**Activity:** Find the "this 1600×1200 image." line in the records below and repeat it and every later line exactly, up to the last; do not include pictures.

───── Records to process

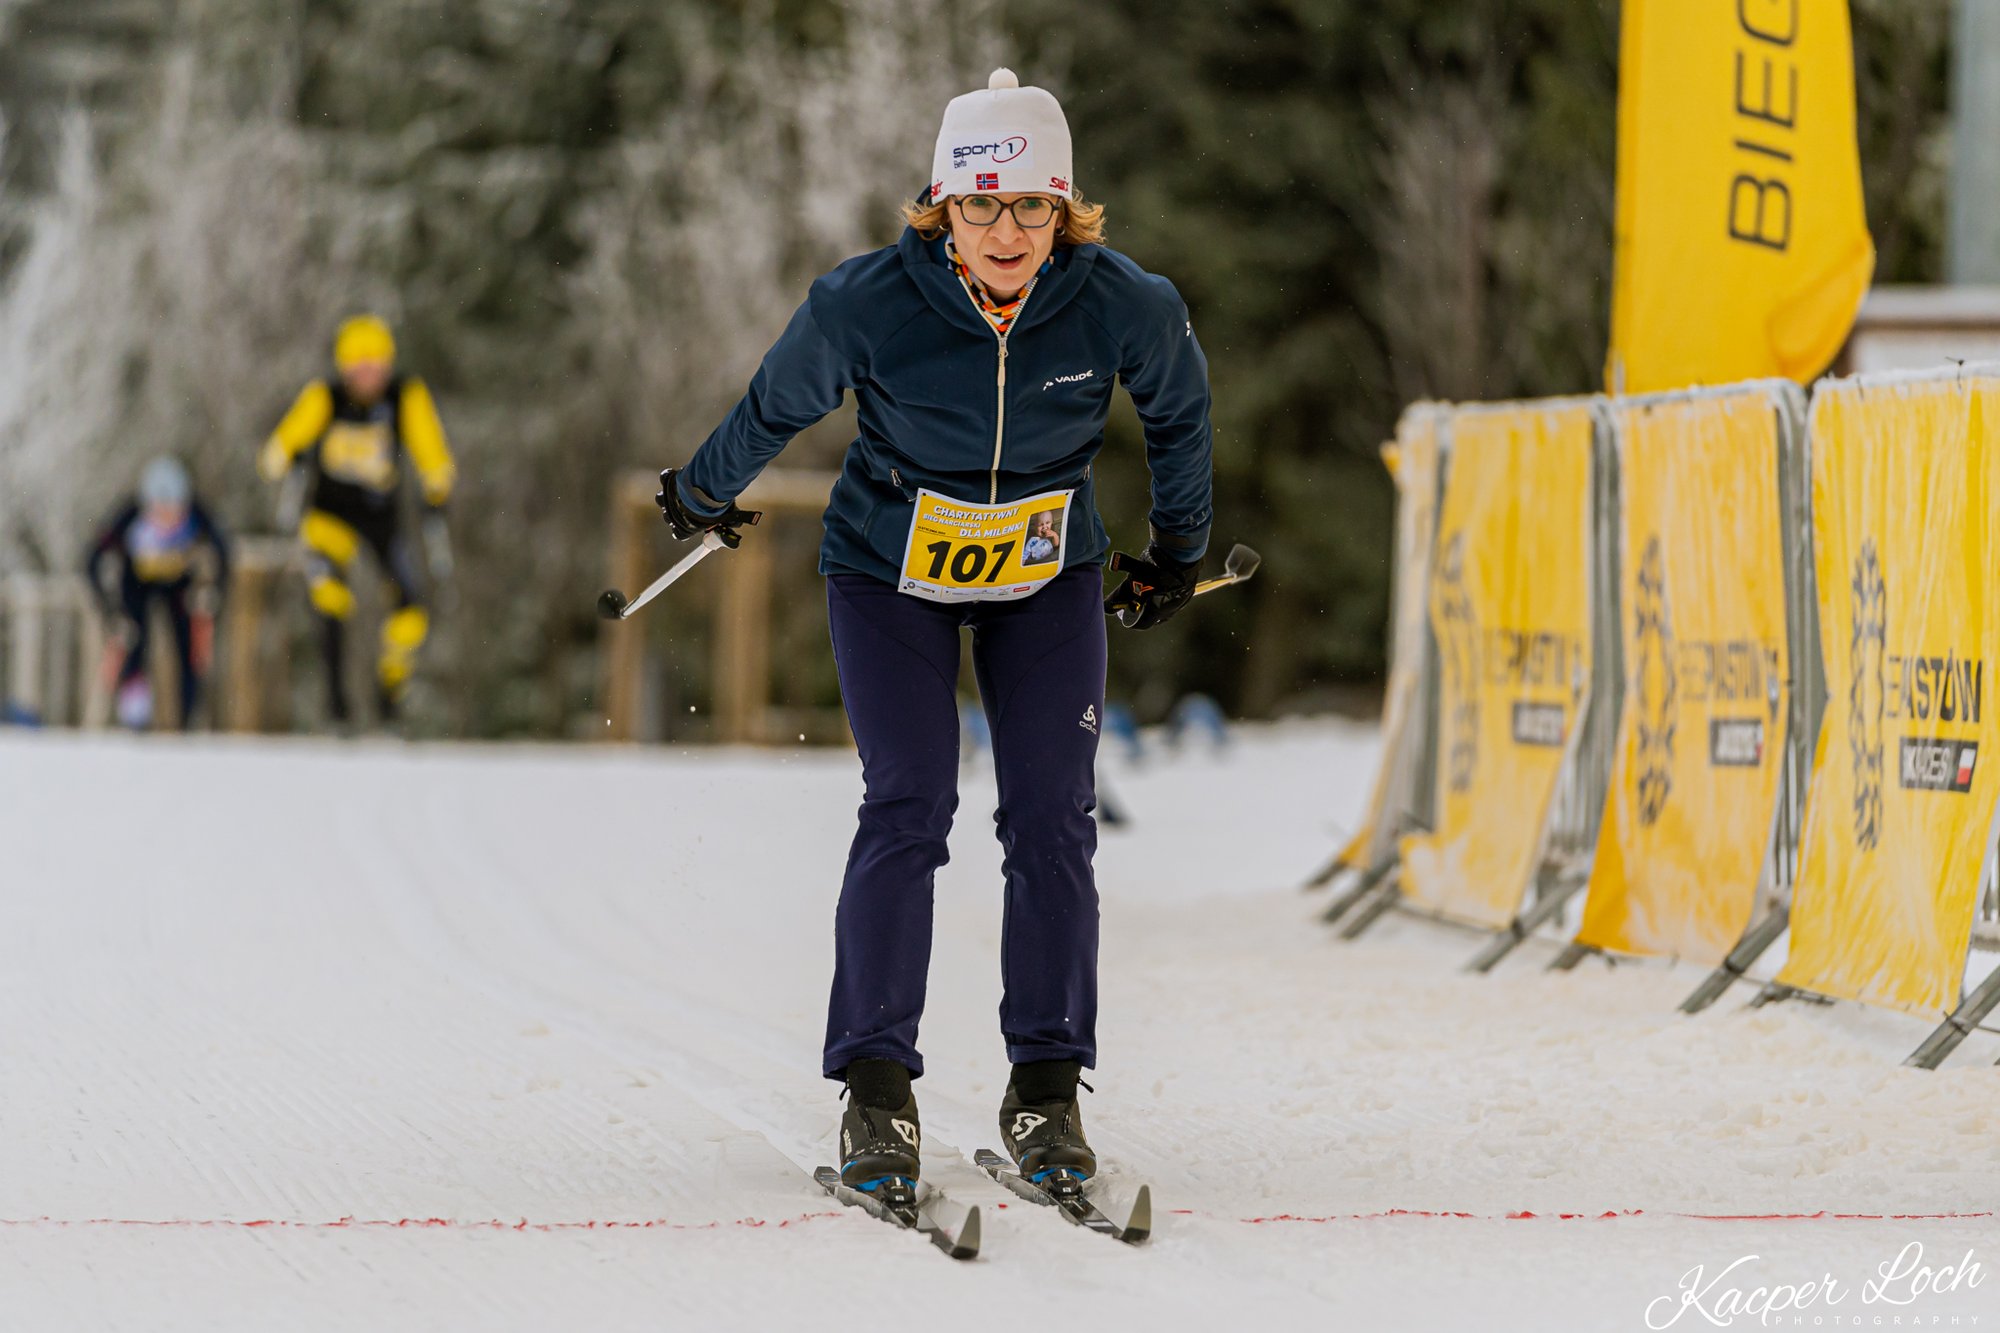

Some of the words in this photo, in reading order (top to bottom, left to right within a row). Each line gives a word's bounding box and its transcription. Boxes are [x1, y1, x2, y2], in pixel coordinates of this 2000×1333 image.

[953, 142, 1000, 159] sport
[1055, 369, 1093, 383] VAUDE
[933, 505, 1021, 521] CHARYTATYWNY
[959, 528, 982, 538] DLA
[984, 521, 1024, 538] MILENKI
[926, 540, 1017, 584] 107
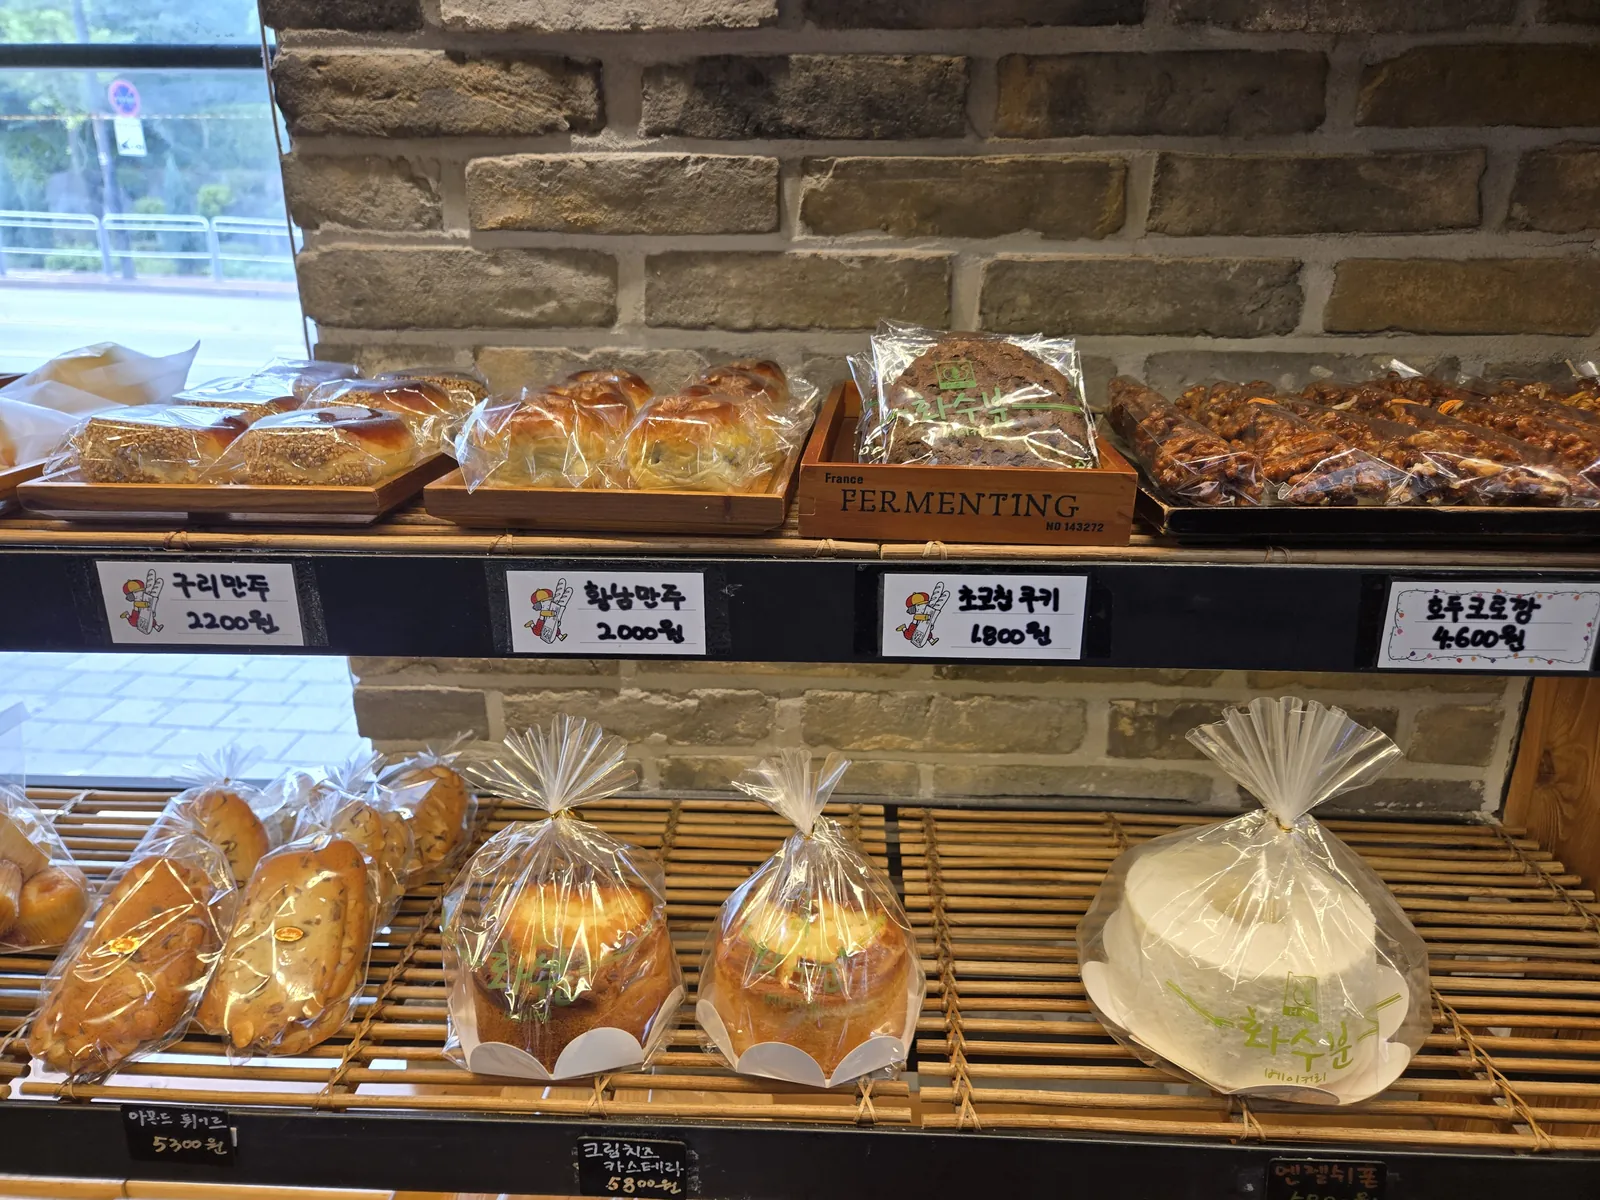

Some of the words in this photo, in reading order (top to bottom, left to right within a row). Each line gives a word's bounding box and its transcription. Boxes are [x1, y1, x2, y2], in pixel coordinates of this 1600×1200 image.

[824, 472, 864, 485] France
[840, 488, 1080, 518] FERMENTING
[1063, 522, 1104, 533] 143272
[584, 580, 686, 612] 황남만주
[1018, 585, 1060, 613] 쿠키
[186, 609, 280, 635] 2200원
[596, 619, 685, 644] 2000원
[1240, 1005, 1354, 1073] 화수분
[603, 1160, 684, 1178] 카스테라
[605, 1176, 682, 1195] 5800원
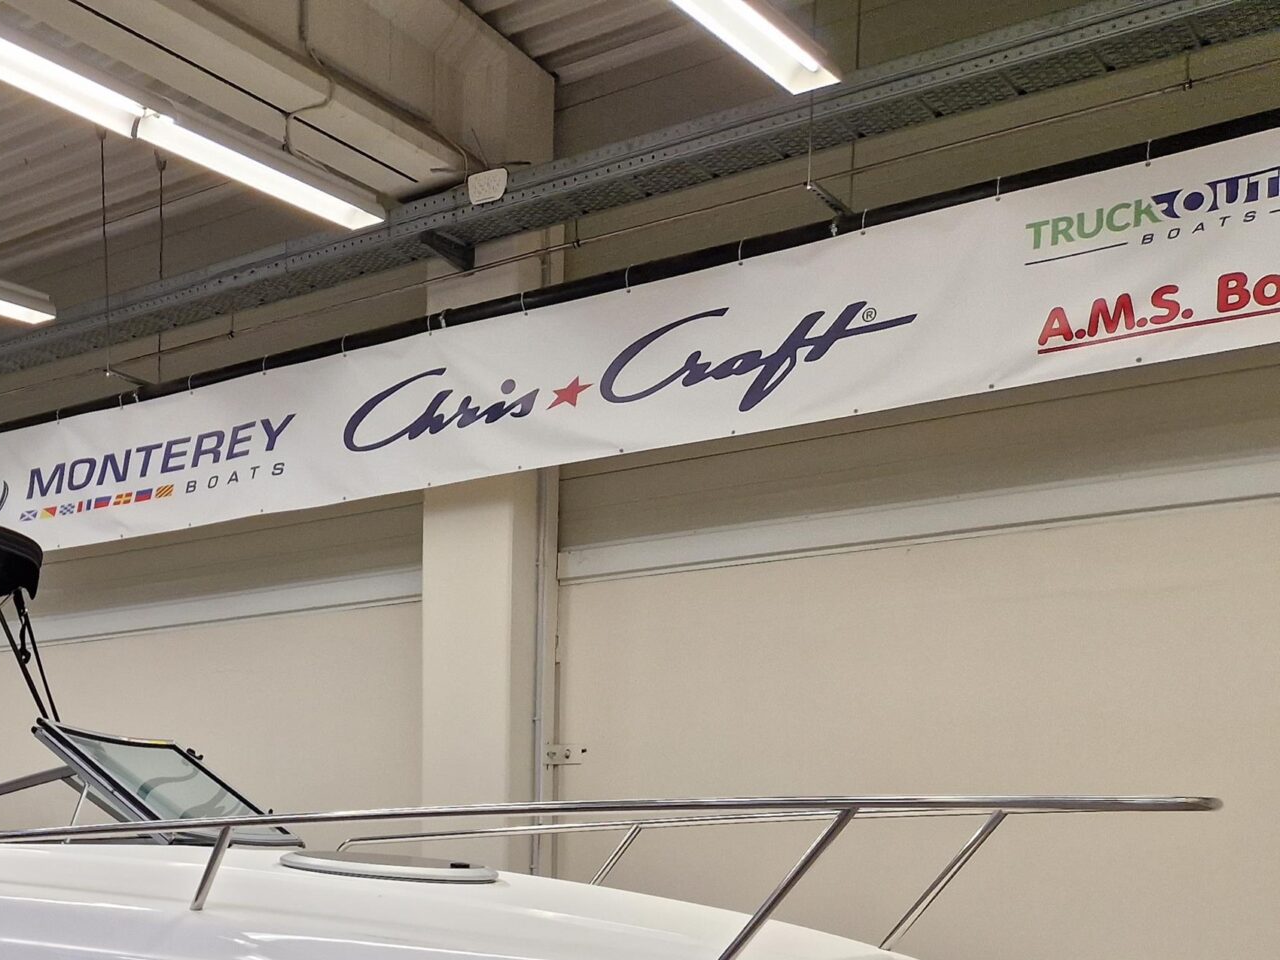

──────────

**Solution to the problem:**
Some of the words in this photo, in reading order (top to bottom, left to right within a row). Each line gives a word's bounding box and its transcription. Boxes are [x1, y1, x2, y2], in pixel coordinates of this 1600×1200 image.

[824, 472, 864, 485] France
[840, 488, 1080, 518] FERMENTING
[1063, 522, 1104, 533] 143272
[584, 580, 686, 612] 황남만주
[1018, 585, 1060, 613] 쿠키
[186, 609, 280, 635] 2200원
[596, 619, 685, 644] 2000원
[1240, 1005, 1354, 1073] 화수분
[603, 1160, 684, 1178] 카스테라
[605, 1176, 682, 1195] 5800원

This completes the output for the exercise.